Development of a pre‐column derivatization ultra‐high‐performance liquid chromatography method for polysaccharide and monosaccharide quantification in Lycium barbarum

Abstract

Given the limited specificity and accuracy observed in the current official colorimetric quantification of polysaccharide in Lycium barbarum, our study aims to establish a novel, specific, accurate, and economic pre‐column derivatization ultra‐high‐performance liquid chromatography (UHPLC) method for determining the monosaccharide and polysaccharide content in L. barbarum. The optimization of extraction, hydrolysis, and derivatization (using 1‐phenyl‐3‐methyl‐5‐pyrazolone) processes for polysaccharide from L. barbarum was conducted initially, followed by separation of nine monosaccharides within 20 min using UHPLC with a C18 column.
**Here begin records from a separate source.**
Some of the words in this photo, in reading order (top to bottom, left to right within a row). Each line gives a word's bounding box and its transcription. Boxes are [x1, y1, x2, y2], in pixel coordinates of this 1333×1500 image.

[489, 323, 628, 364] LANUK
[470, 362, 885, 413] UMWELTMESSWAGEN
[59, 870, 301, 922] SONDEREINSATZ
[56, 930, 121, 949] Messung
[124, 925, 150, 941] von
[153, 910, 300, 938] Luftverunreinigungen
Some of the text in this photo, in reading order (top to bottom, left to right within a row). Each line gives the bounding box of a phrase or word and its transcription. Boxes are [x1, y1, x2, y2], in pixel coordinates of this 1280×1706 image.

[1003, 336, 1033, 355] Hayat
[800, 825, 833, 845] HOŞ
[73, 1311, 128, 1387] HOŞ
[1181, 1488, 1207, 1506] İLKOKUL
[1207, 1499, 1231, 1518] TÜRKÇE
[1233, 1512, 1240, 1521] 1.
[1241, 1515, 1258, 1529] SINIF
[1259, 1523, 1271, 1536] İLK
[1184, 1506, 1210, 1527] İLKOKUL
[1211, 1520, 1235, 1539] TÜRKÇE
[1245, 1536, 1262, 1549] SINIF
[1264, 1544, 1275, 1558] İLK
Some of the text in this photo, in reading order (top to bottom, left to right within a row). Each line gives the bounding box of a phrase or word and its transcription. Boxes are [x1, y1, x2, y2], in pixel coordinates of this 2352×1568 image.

Subsequently, a novel method known as quantitative analysis of multiple components by single marker was developed, utilizing either additive 2‐deoxy‐D‐ribose or any monosaccharide present in the sample as a single reference standard to simultaneously detect the contents of polysaccharide and nine monosaccharides in L. barbarum. To validate the accuracy of the established method, the quantitative results of our approach were compared to both external and internal standard method methods. The minimal relative errors in the quantitative determination of monosaccharides among the three methods confirmed the dependability of the method. By analyzing 20 batches of L. barbarum samples, D‐galacturonic acid exhibited the highest content and the polysaccharide levels ranged from 3.02 to 13.04 mg/g. All data implied the specificity and accuracy of the method.